Past and Present presents some of Gertrude Himmelfarb’s (left) shorter and apparently minor essays. The present the title refers to is contemporary America as it has been shaped by political battles in the last fifty years—a period Himmelfarb has witnessed first hand. The past of the title is mainly, though not exclusively, Victorian England, of which Himmelfarb is a foremost historian. Now Professor Emerita at the Graduate School of the City University of New York, she is a scholar’s scholar. Her bibliography includes works on Lord Acton and Mill, and seminal editorship of the latter too; explorations of the “Victorian mind”; and a genuine classic, Darwin and the Darwinian Revolution (1959). Few historians of ideas have dug deeper in the British nineteenth century, and fewer still have done so from a conservative perspective. Himmelfarb, who married Irving Kristol, often considered the “godfather” of neoconservatism, by and large shared her husband’s views.
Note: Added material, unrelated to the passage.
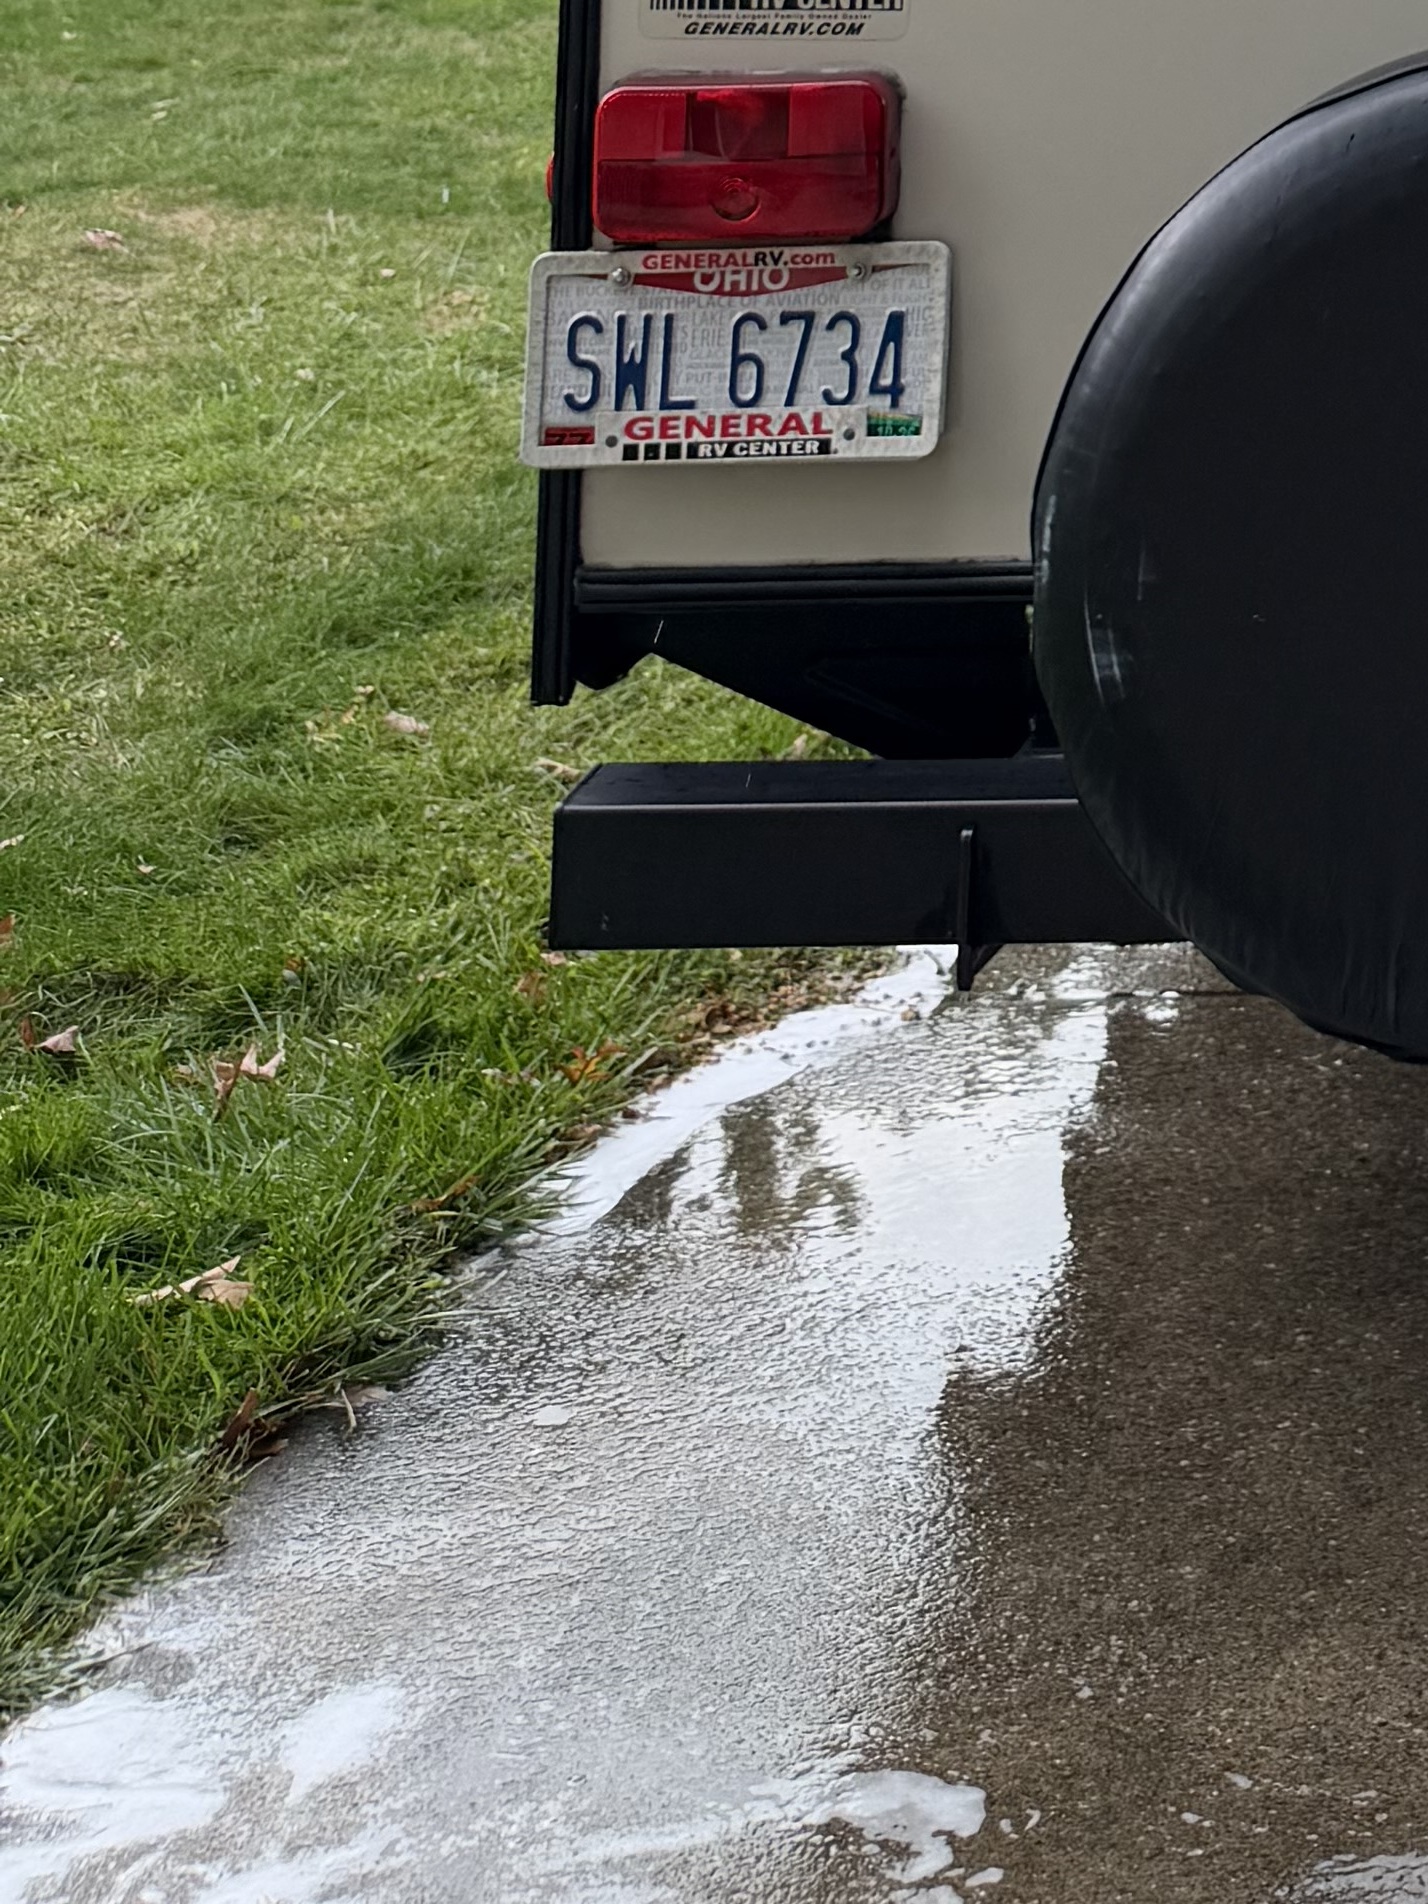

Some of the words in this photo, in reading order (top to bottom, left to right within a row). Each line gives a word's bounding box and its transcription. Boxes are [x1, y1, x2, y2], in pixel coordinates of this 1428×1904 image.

Himmelfarb’s conservatism can better be considered a style of arguing, rather than a consistent set of political ideas. Postmodernists have long been ruminating about the subjectivity of historians, making a theory of “a denial of the fixity of the past, of the reality of the past apart from what the historian chooses to make of it, and thus of any objective truth about the past”. Surely any work of history is vulnerable because historical records may be imperfect or imperfectly read by the historian, who is as fallible, conceited and biased as any other human being. But, Himmelfarb maintains, there is no reason to think history “is fatally flawed, that because there is no absolute, total, final truth, there are no relative, partial, contingent truths”.
The craft of the historian entails a struggle with her own subjectivity, a careful search for bits of truths whenever possible, a passion for making sense of them with the best of our analytical tools. Sure, history can never do without imagination, for no historian can do without putting himself in other people’s shoes. Macaulay thought that:
A perfect historian must possess an imagination sufficiently powerful to make his narrative affecting and picturesque. Yet he must control it so absolutely as to content himself with the materials which he finds, and to refrain from supplying deficiencies by additions of his own.
Such a description fits Himmelfarb’s own works, where the inspired writer never shines at the expense of the careful researcher.
These essays are not an exception to this rule. The material here assembled is diverse and fascinating, scholarly yet accessible, stubbornly relevant for today’s debates. Just read, for example, “Victorian Values/Jewish Values”. This essay, originally published in Commentary, was occasioned by Margaret Thatcher’s endorsement of “Victorian values”. That Thatcher was the daughter of a shopkeeper, and her youth was imbued with the work ethic, is now some sort of a platitude. And yet it was hardly obvious that reclaiming virtues reminiscent of the times of Queen Victoria was conducive to electoral popularity. The 1800s, Britain’s “victorious century” to quote historian David Cannadine’s recent work, were often dismissed as an age of exploitation and bigotry. The dynamism of a society forged by the Industrial Revolution was reduced to the Olivertwistian cliché of child labour and dirty chimneys. The veneration of thriftiness was dismissed as hypocrisy and greed; technological innovation was little more than the forging of chains to enslave the proletariat; scientific discoveries were but instruments to reassert the otherwise shaky dominion of the white man.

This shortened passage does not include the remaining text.